Contact MERI for the pickup and disposal of your vaccine waste.

Sharps from Vaccines should go into a sharps container

Testing items that should be in the biohazard bag include:

  • PPE that has been grossly contaminated (i.e. blood, vomit)
  • Used swabs or processed testing materials

However, not all states are the same. If a state has more stringent requirements than below, follow your state’s laws!

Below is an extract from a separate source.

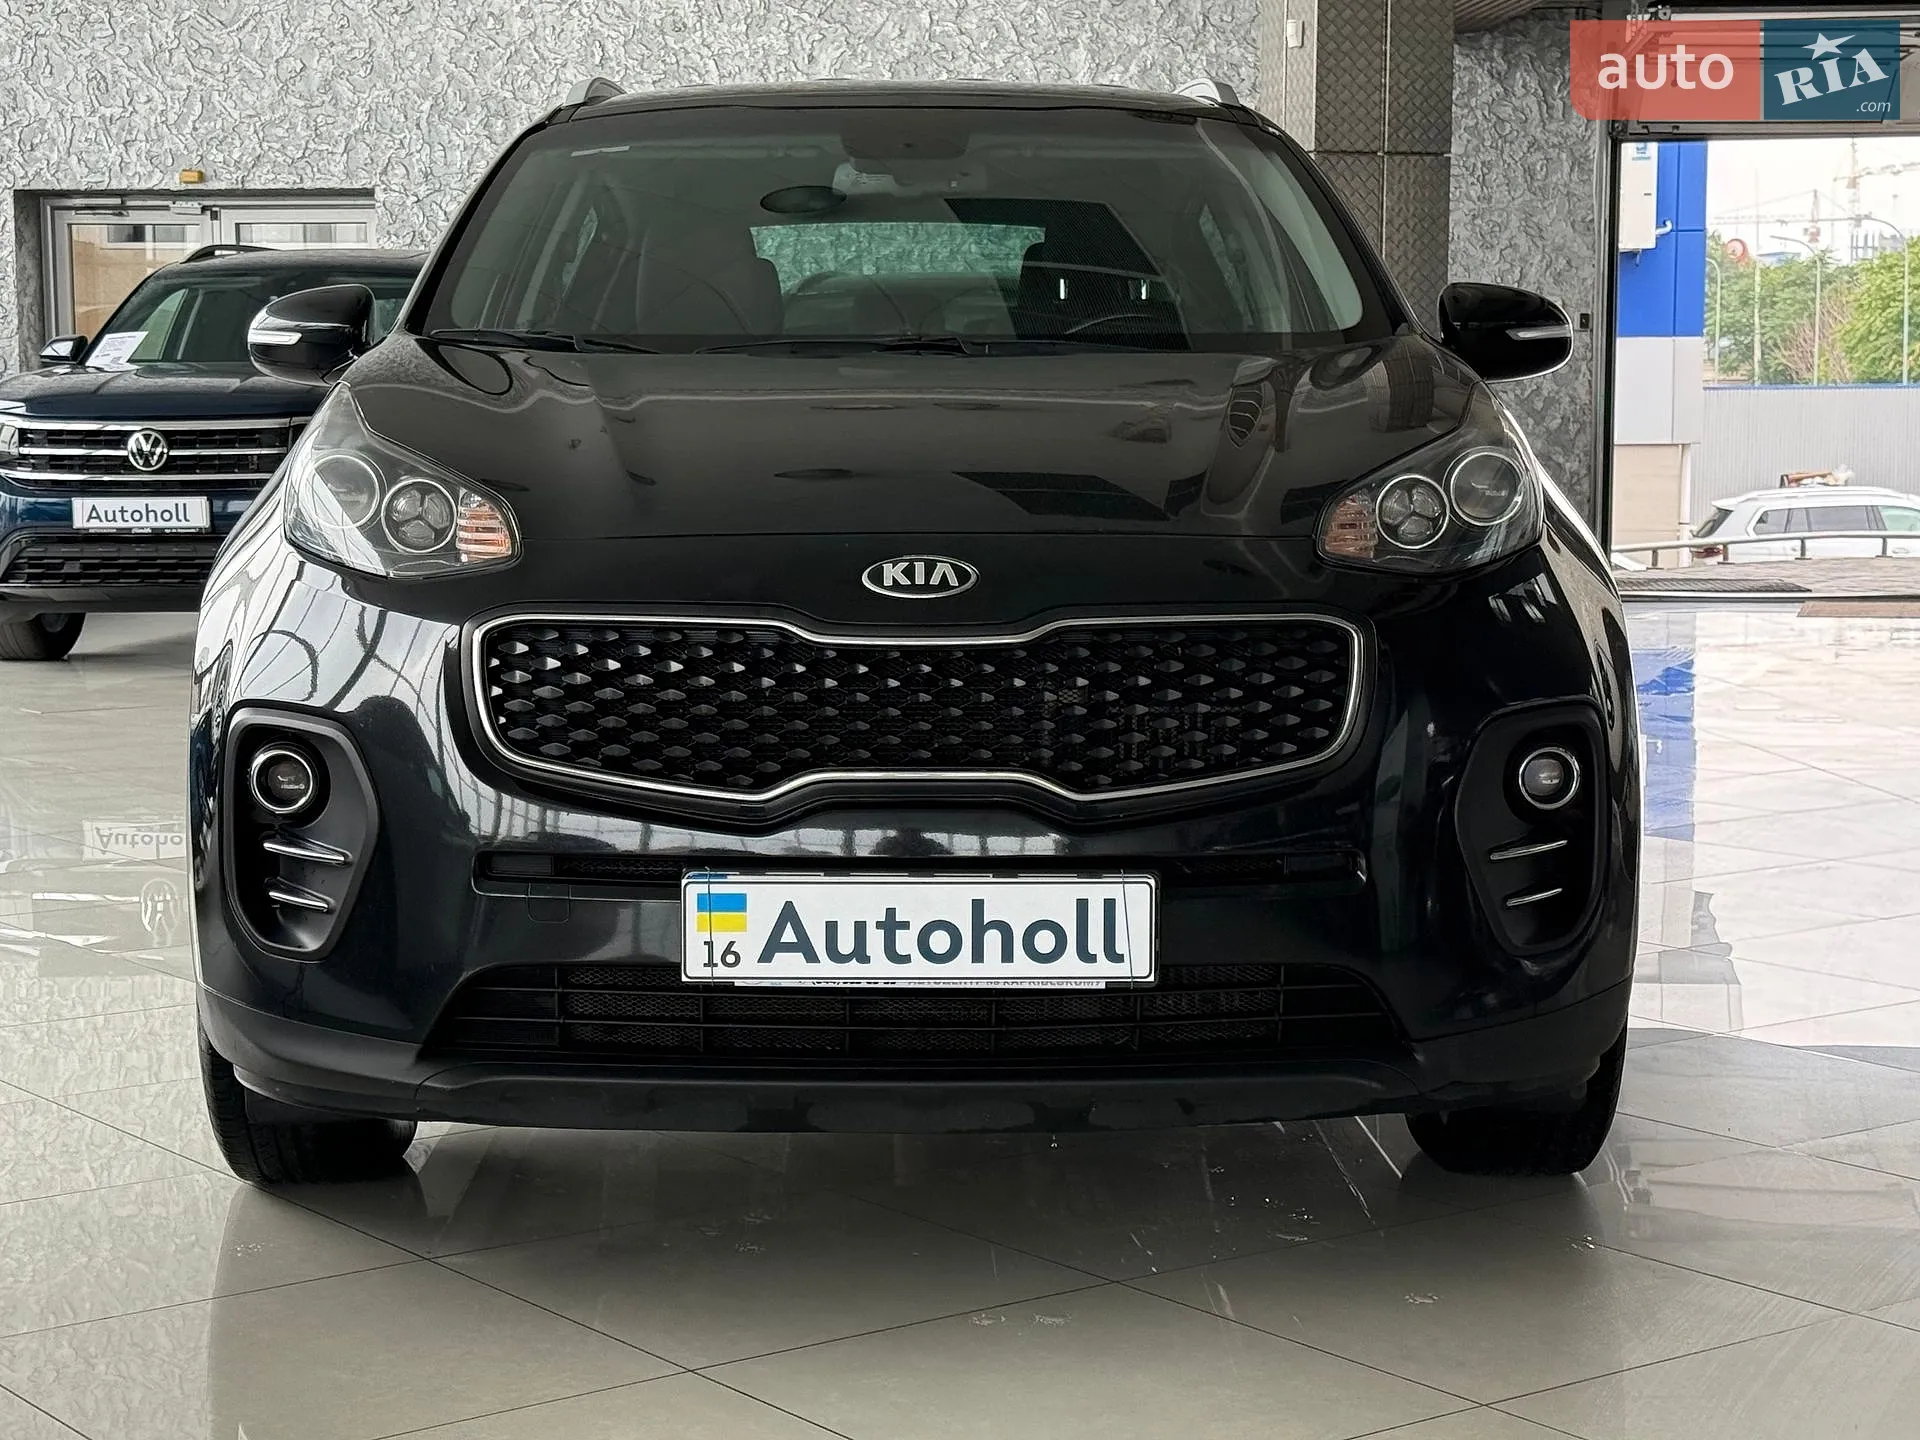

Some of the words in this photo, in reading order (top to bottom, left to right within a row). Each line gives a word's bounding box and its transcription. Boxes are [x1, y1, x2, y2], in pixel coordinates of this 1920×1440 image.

[86, 503, 190, 523] Autoholl
[881, 561, 959, 587] KIA
[756, 898, 1125, 964] Autoholl
[702, 941, 741, 968] 16

In addition, if the CDC or vaccine manufacturer provides updated management practices, follow those instead. Lastly, please be sure to follow MERI’s policy of placing all sharps into sharps containers and tying all biohazard bags when they are full. Here is a video that outlines how to prepare medical waste for shipment.

Medical Waste Containers

Use the following containers for each of the waste products listed below:

  • Sharps Container – Used syringes or needles or empty vaccine vials.
  • Pharmaceutical waste container – Remaining doses of vaccine. The vaccine is not a hazardous waste. The SARS-CoV-2 mRNA vaccine does not contain any viral material, attenuated or otherwise. It does not need to be managed as a hazardous waste pharmaceutical. Dispose of vials containing residual liquids according to state or end disposal facility requirements for non-hazardous pharmaceuticals or regulated medical waste.
  • Red bag – Grossly contaminated personal protective equipment (PPE), which has blood or vomit on it. Or, any processed swabs or other testing material.
  • Trash – PPE, such as masks, gowns, and gloves, that are not contaminated. In addition, items such as cotton balls, alcohol wipes, bandages, and polystyrene packaging can be put in the trash.
  • Recycling – Recycle cardboard packaging that isn’t going back to the manufacturer.
  • Return to the manufacturer – Follow vaccine manufacturers’ instructions for return of any “cold box” shipping materials and tracking devices.  In the case of the Pfizer-BioNTech COVID-19 vaccine, the temperature-monitoring device, foam lid, dry ice pod, and box that holds the vial trays should be returned.
  • Other Dry ice should be allowed to sublimate. It should change from a solid to a gas in an open, well-ventilated area. Additionally, keep it in the original container. Dry ice in an enclosed space can lead to the build-up of carbon dioxide which can result in a potential for suffocation.